In a yet-to-be-released study, Clemson University researchers Patrick Warren and Darren Linvill are examining the strategies Russian social media trolls employ in peddling their disinformation campaigns aimed at dividing the U.S. public.
Warren recently presented early findings of their most recent research into Russian Twitter trolls at a Clemson online research symposium this summer. In it, he reported their initial studies are revealing that creating friendships, not instigating fights, appears to be the trolls’ most successful path toward influencing political discourse in the U.S.
Social media trolls are defined as people who deliberately provoke others online, oftentimes angering people by making inflammatory statements. But in his and Linvill’s ongoing study of hundreds of thousands of tweets, Warren said labeling these purveyors of disinformation as trolls is a misnomer.
“They’re called trolls, but they don’t fit the description. As we continue examining many of these Twitter accounts, what is becoming clear is what they don’t do is start fights. They make friends,” said Warren, an associate professor in the John E. Walker Department of Economics. “The way they divide us is by pulling, not pushing, people in the direction they were already leaning. You catch more flies with honey, and they’re growing influence by making friends.”
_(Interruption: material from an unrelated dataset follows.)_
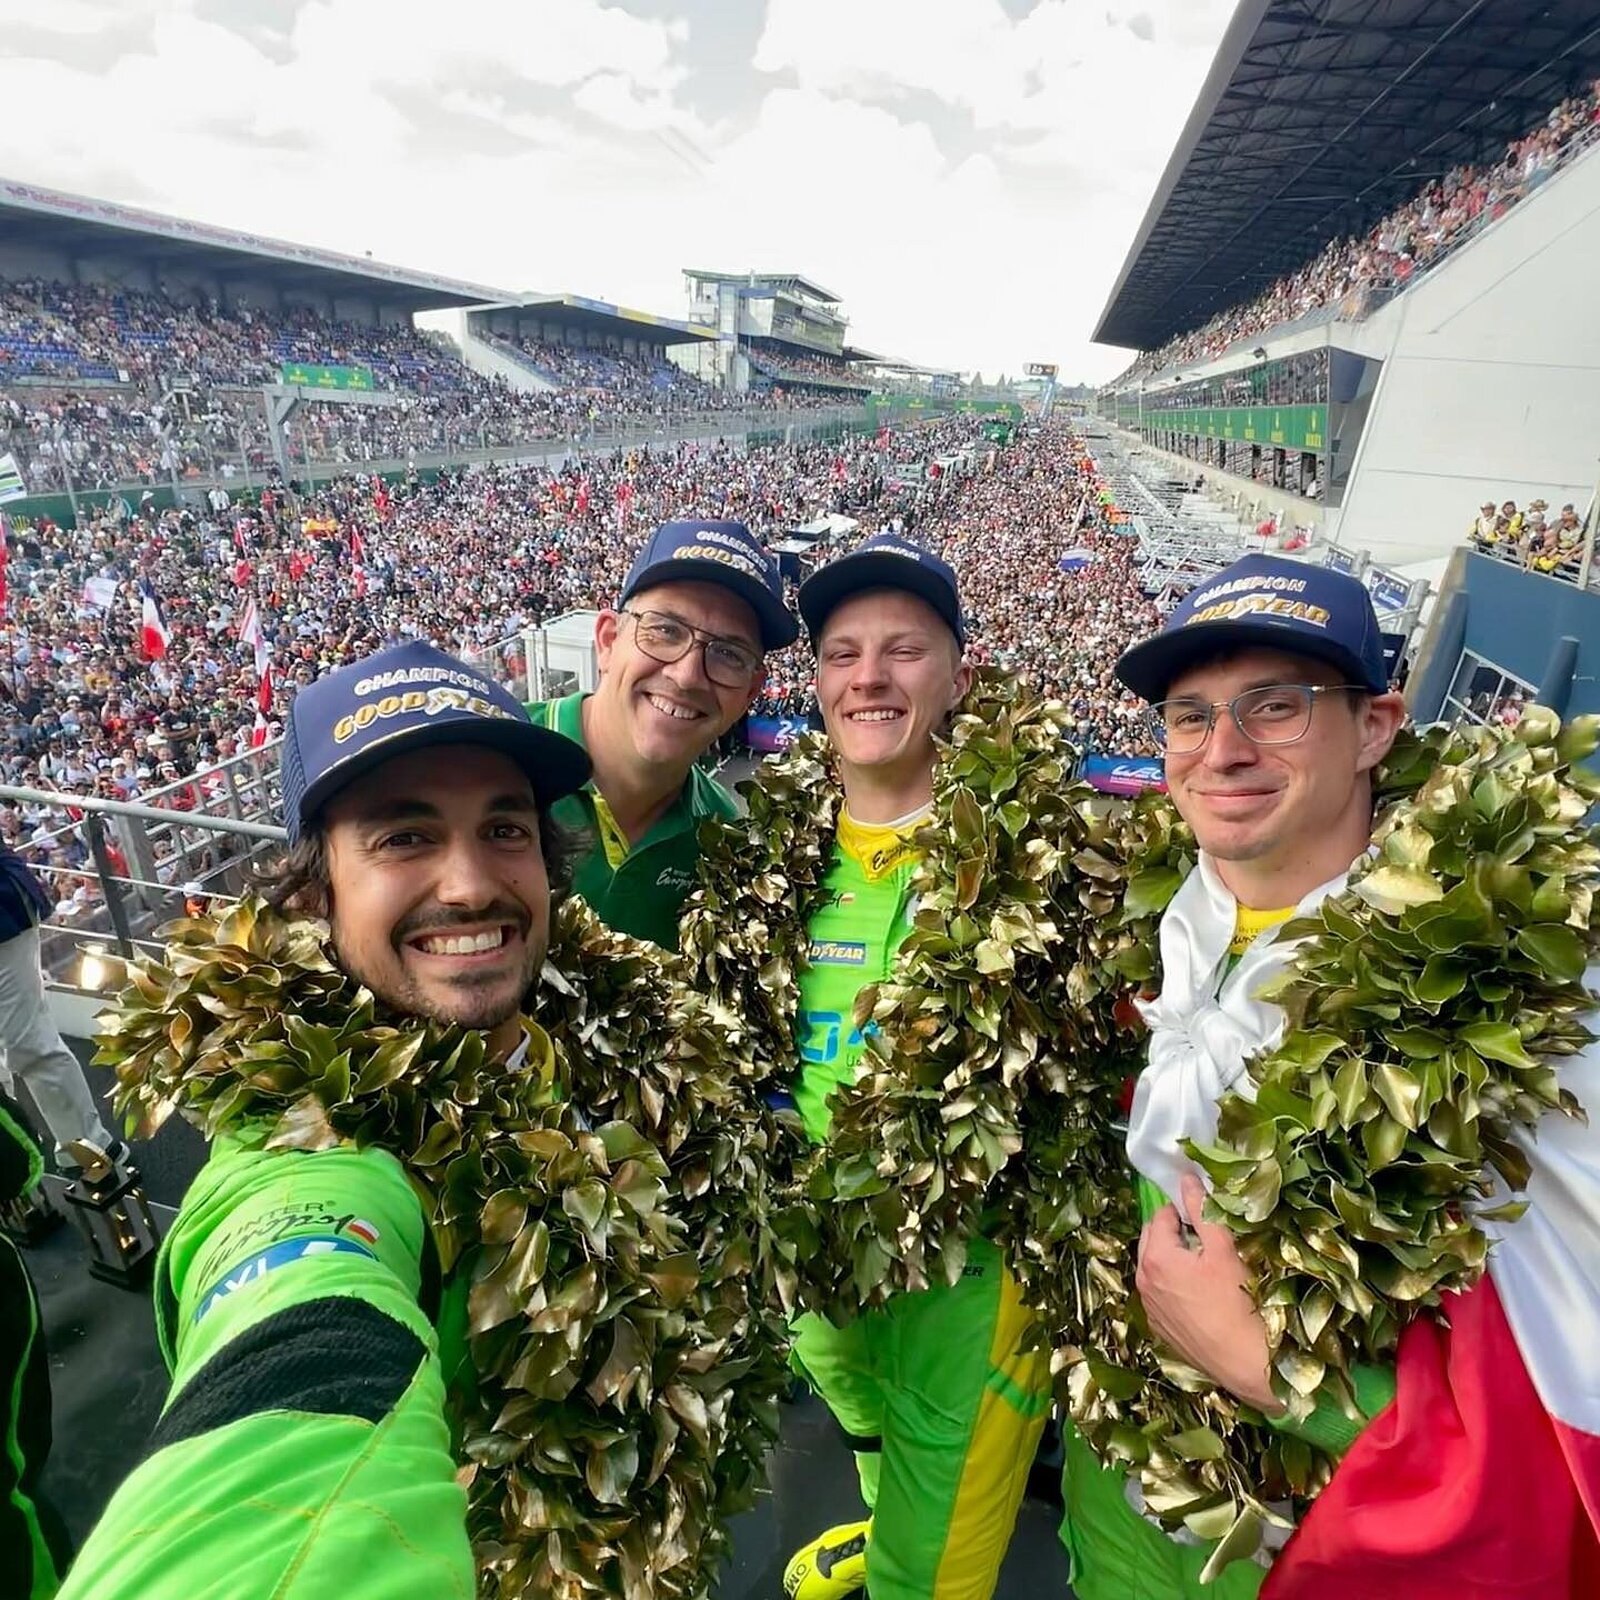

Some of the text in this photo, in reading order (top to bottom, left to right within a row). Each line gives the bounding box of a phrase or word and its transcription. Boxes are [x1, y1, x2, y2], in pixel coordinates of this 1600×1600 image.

[696, 530, 768, 572] CHAMPION
[1193, 576, 1307, 608] CHAMPION
[354, 667, 490, 696] CHAMPION
Since late 2017, Linvill, associate professor of Communication, and Warren have been compiling and analyzing the tactics and strategy of social media accounts created by a Russian agency whose goal it is to negatively sway political discourse in the U.S. The Russians’ “troll factory” is housed in St. Petersburg, within the government’s now-famous Internet Research Agency (IRA).
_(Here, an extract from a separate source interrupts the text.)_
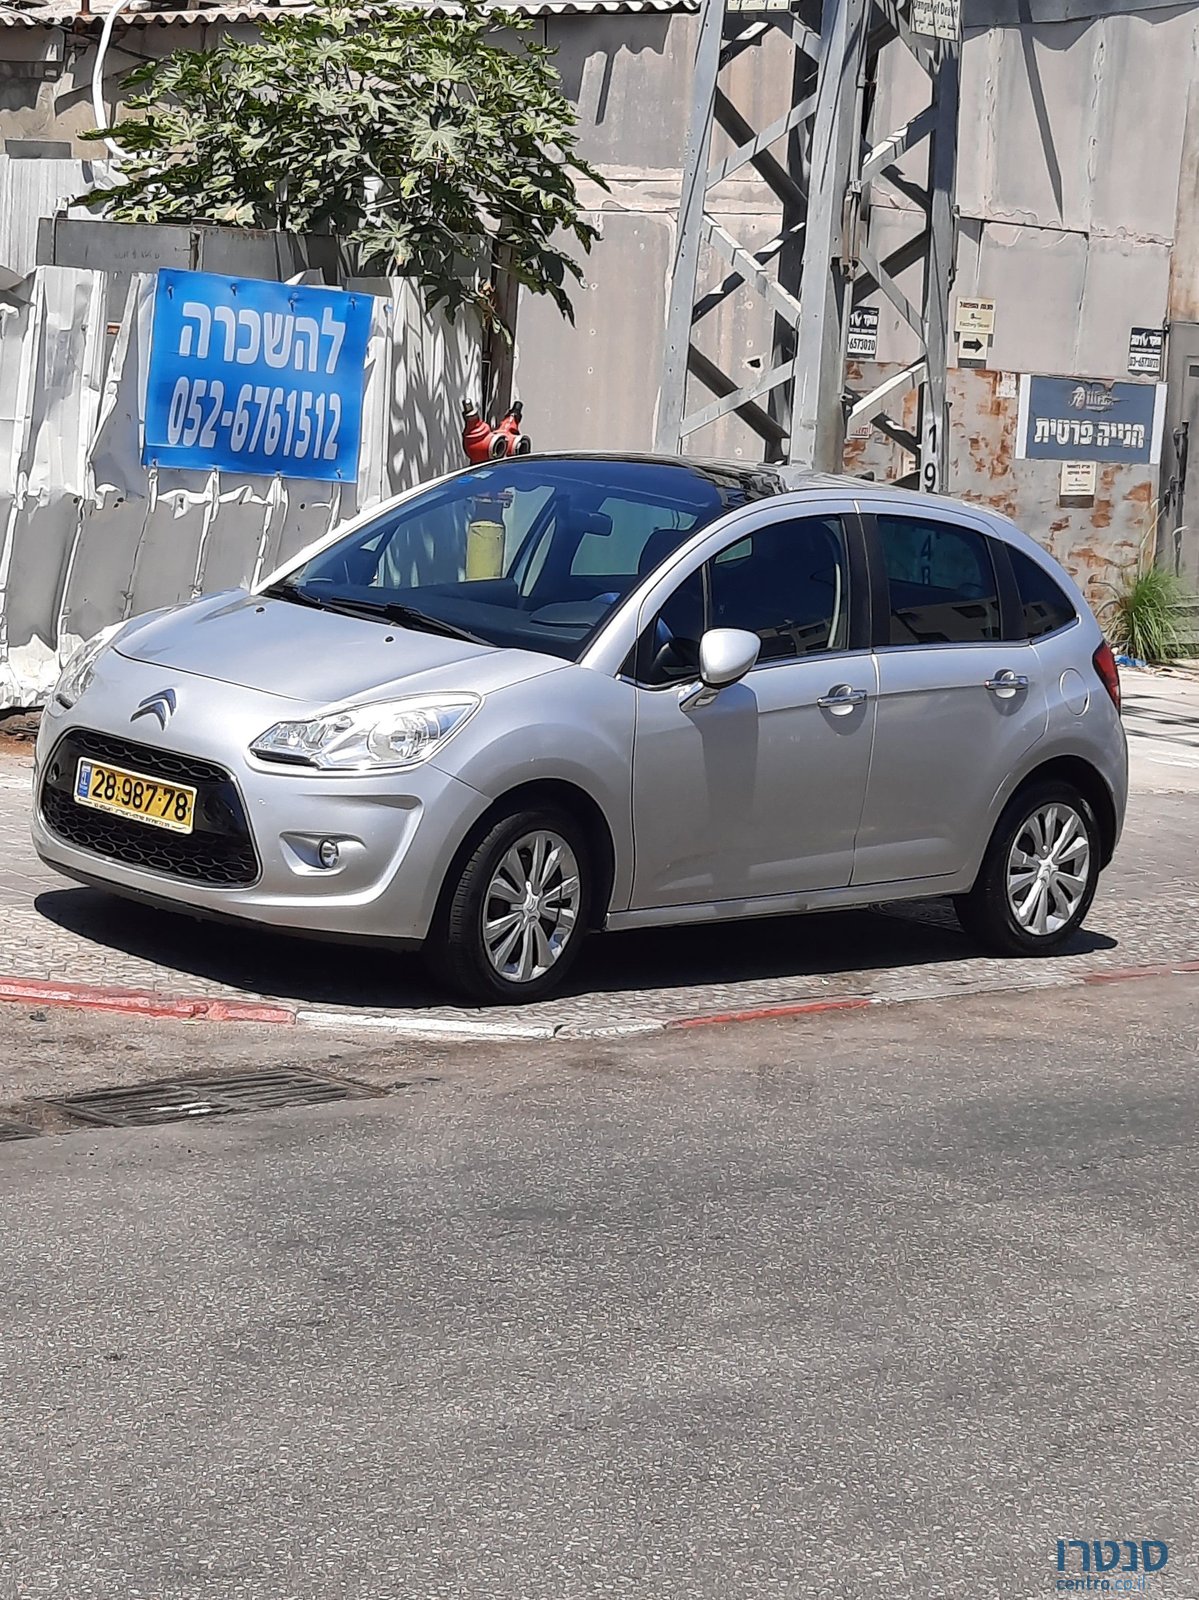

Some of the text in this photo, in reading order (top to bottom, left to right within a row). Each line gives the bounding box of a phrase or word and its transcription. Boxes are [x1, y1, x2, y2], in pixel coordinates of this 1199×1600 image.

From the university’s Social Media Listening Center in Daniel Hall, the pair have probed the Russian agency’s Twitter archive, and they continue to monitor accounts linked to the agency. They have compiled approximately 3 million tweets through more than 3,000 Russian government-backed Twitter accounts before and after the 2016 presidential election.
Their current examination of the IRA Twitter accounts is collecting all the mentions in which one of the troll accounts was referenced in the month before the 2016 election. Warren and Linvill gathered more than 200,000 mentions and then coded a randomly selected 5,000 of the mentions, along with Amanda Moore, senior manager of Integrated Marketing & Partnerships.
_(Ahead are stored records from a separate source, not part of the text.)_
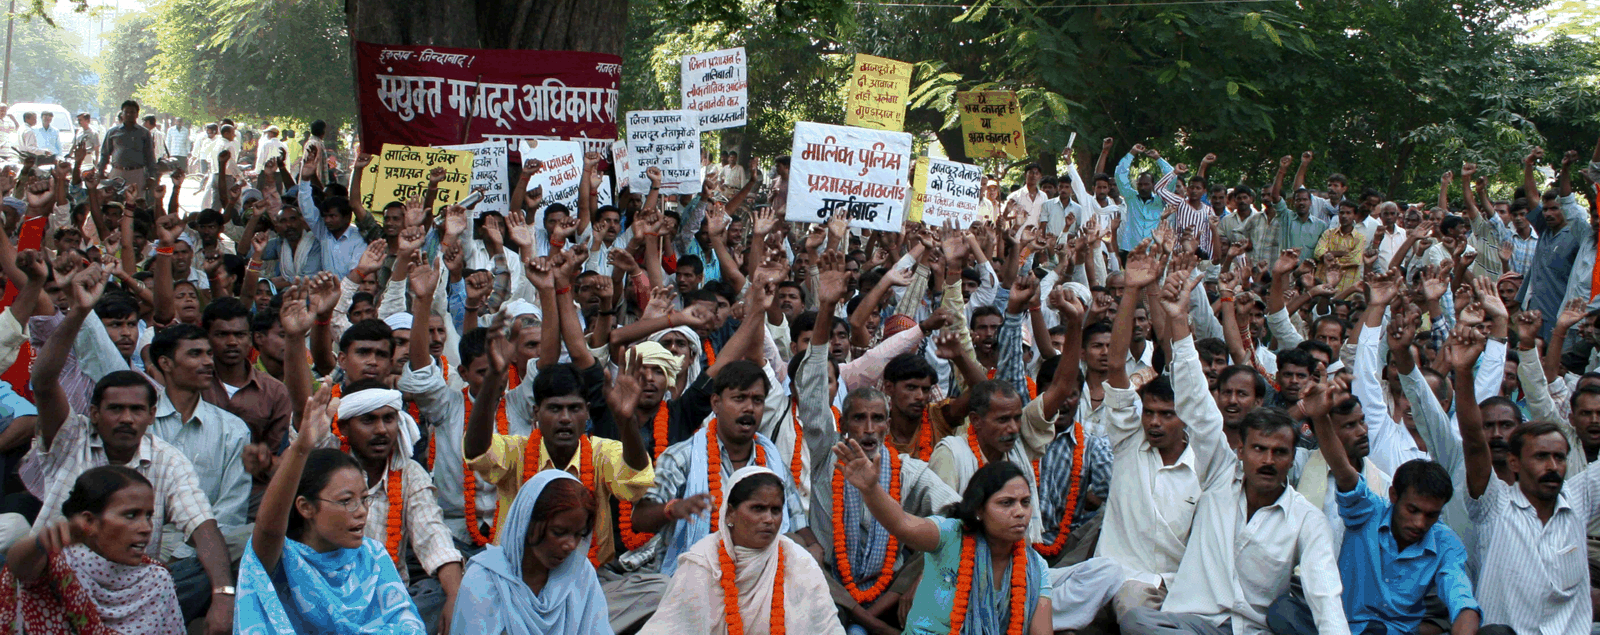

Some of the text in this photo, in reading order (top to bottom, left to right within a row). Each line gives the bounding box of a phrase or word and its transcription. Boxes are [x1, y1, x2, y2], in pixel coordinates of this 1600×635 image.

[376, 66, 445, 122] संयुक्त
[518, 77, 605, 123] अधिकार
[629, 113, 682, 125] जिला प्रशासन
[980, 118, 991, 129] या
[425, 148, 460, 166] पुलिस
[801, 135, 902, 177] मालिक पुलिस
[384, 166, 425, 180] प्रशासन
[807, 173, 863, 196] प्रशासन
[930, 175, 981, 199] को रिहा करो
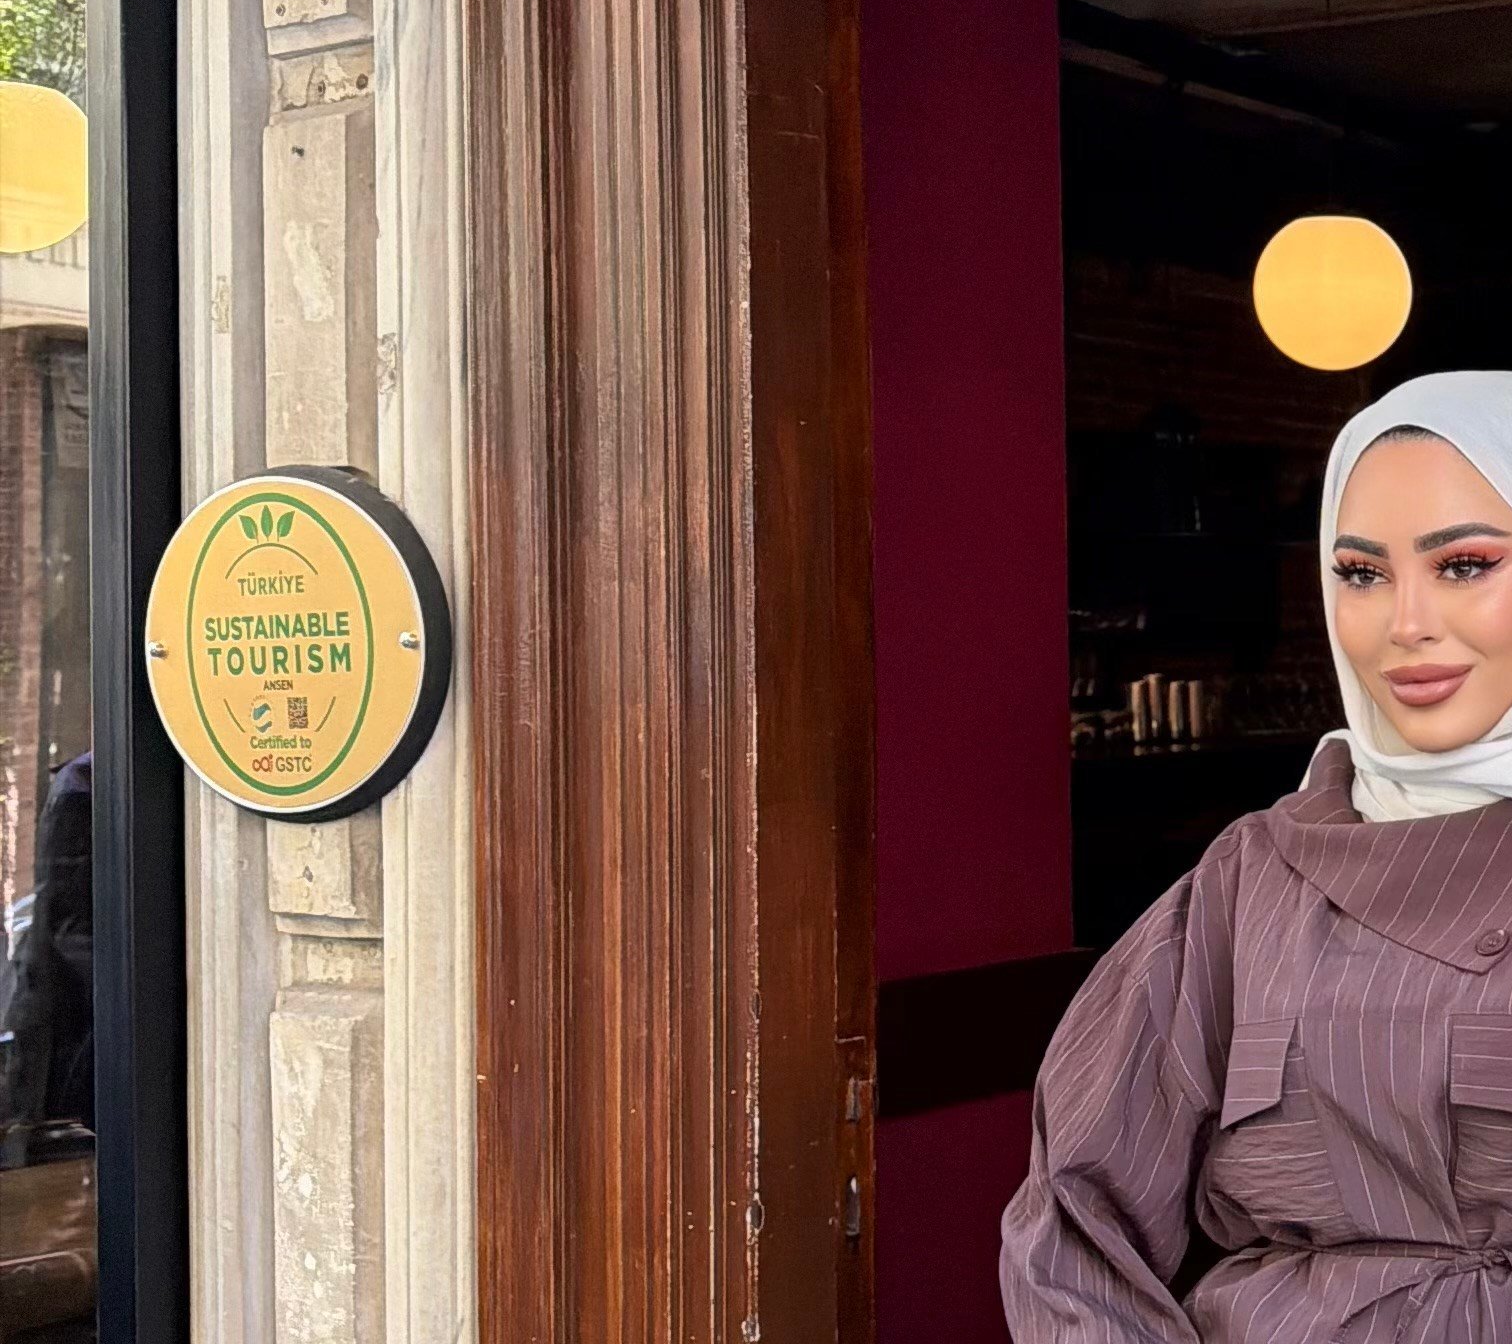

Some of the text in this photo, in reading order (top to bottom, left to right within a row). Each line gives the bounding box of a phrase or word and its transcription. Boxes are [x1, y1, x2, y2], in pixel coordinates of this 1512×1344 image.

[238, 570, 305, 596] TÜRKİYE
[204, 611, 350, 642] SUSTAINABLE
[207, 642, 351, 677] TOURISM
[249, 734, 312, 749] Certified to
[275, 756, 312, 773] GSTC
“An early key finding of the study is that 70 percent of the mentions are supportive and say something positive about the troll,” Warren said. “We also trained a computer to examine those hand-coded 5,000 tweets, through use of Artificial Intelligence, to recognize what supportive tweets looked like.”
In looking at the bigger data set, Warren and Linvill are examining individual troll accounts on each day of the month to determine whether the trolls get more engagement through positive interactions.
“The results are showing these trolls do, indeed, catch more flies with honey. Our analysis is revealing that when they fight with followers, they don’t pick up as many retweets,” Warren said.
Warren’s and Linvill’s social media trolling research has not only attracted international media attention, it has spawned a growing interest on campus, which is leading to the opening of a new center in the Watt Family Innovation Center this fall. The two researchers will be the academic leads on the Media Forensic Hub, an interdisciplinary venture that will combine research, teaching and service.
“Research, including Creative Inquiries, will be a big part of the Media Forensic Hub,” Warren said. “Researchers and policymakers will play a major role in the Hub, which will provide context around media in helping users know the origin and content of something they see on social media.”